July 04, 2014
Charlotte Observer stalwart was first NASCAR newspaper beat writer
DAYTONA BEACH, Fla. (July 4, 2014) — Longtime The Charlotte Observer reporter Tom Higgins has been named the recipient of the 2015 Squier-Hall Award for NASCAR Media Excellence. Higgins was the first beat writer to cover every race on the NASCAR schedule, a role he held from 1980 until his retirement in 1997.
He will be honored during NASCAR Hall of Fame Induction Ceremony festivities on Jan. 30, 2015 and featured in an exhibit in the NASCAR Hall of Fame in Charlotte, N.C.
Higgins’ professional newspaper career started in 1957 at the weekly Canton (N.C.) Enterprise. While at the Asheville (N.C.) Times, he covered racing for the first time. Higgins joined the sports staff at The Observer in 1964 as an outdoors writer and soon began covering stock racing as well. He has continued to write motorsports nostalgia columns for the newspaper and its website ThatsRacin.com since his retirement.
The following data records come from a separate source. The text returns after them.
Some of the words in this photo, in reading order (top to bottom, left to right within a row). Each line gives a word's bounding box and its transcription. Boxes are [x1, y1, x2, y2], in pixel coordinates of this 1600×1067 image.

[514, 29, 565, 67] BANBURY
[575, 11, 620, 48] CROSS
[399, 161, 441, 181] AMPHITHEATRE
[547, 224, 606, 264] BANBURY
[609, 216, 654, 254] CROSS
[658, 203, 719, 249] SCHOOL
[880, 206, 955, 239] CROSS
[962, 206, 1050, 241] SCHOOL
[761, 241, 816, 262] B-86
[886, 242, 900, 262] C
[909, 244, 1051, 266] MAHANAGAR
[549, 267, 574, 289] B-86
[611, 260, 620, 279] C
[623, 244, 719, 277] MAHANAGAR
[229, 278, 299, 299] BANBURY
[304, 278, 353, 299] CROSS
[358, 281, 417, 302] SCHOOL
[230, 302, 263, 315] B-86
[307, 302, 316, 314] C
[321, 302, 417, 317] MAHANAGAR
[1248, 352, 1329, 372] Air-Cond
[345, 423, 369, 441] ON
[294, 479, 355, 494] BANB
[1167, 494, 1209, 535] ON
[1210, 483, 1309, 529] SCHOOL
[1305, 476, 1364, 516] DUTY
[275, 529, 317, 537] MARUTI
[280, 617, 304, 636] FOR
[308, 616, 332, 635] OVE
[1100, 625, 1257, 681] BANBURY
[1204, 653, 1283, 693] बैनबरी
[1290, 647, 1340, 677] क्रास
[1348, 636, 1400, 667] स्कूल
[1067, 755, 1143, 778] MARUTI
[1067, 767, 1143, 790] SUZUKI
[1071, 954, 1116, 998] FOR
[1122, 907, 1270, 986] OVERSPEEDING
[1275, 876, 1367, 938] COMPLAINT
“Tom Higgins helped establish what it means to be a NASCAR beat reporter,” said NASCAR Chairman and CEO Brian France. “For more than five decades, his words have told the story of NASCAR, and the people and emotions that define the sport. He has been much more than a reporter to those in the NASCAR industry – serving as friend and confidant to competitors, administrators and his fellow journalists.”
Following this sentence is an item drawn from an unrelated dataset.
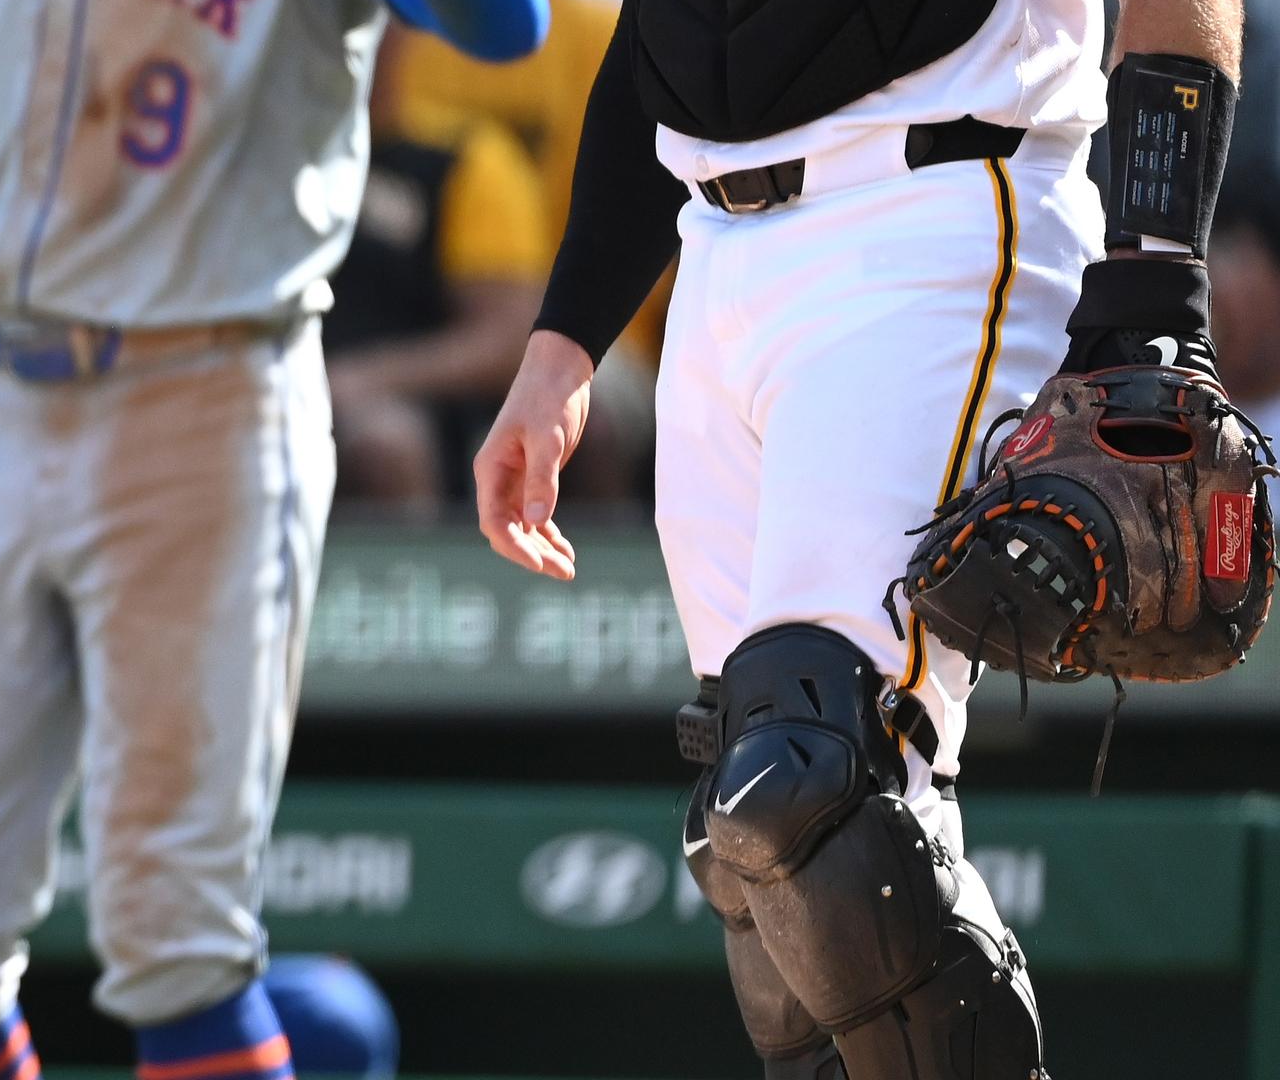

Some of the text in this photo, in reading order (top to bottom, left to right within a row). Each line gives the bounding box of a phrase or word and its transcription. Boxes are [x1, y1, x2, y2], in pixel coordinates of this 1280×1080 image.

[120, 56, 192, 169] 9
[1174, 85, 1199, 110] P
[1220, 501, 1239, 572] Rawlings
Higgins, affectionately known as “Pappy,” won the International Motorsports Hall of Fame Henry T. McLemore Award for lifetime achievement in motorsports journalism in 1980, the NMPA George Cunningham Award as writer of the year in 1987 and was named the NASCAR Bill France Award of Excellence winner in 1996. He was inducted into the NMPA Hall of Fame in 2011. He is also a member of the NASCAR Hall of Fame Voting Panel.
Higgins was among eight nominees voted upon by a panel comprised of NASCAR and NASCAR Hall of Fame executives, journalists, public relations representatives and former drivers. The Squier-Hall Award was created in 2012 to honor the contributions of media to the success of the sport. Legendary broadcasters Ken Squier and Barney Hall, for whom the award is named, were its initial recipients.
The other seven nominees were:
Norma “Dusty” Brandel, the first woman to report from inside the NASCAR garage
Russ Catlin, one of the best-known early racing writers and historians, served as editor of Speed Age Magazine
Shav Glick, covered motorsports for the Los Angeles Times for 37 years, bringing NASCAR coverage to the West Coast
Bob Jenkins, served as the lead NASCAR lap-by-lap anchor at ESPN from 1982-2000.
Bob Moore, spent more than 20 years as a NASCAR beat writer including stints with the Daytona Beach News-Journal and The Charlotte Observer
Benny Phillips, spent 48 years covering NASCAR for the High Point (N.C.) Enterprise, 27 years for Stock Car Racing and 12 years on TBS
T. Taylor Warren, best known for his three-wide photo of the 1959 Daytona 500 finish, he covered every Daytona 500 until his death in 2008.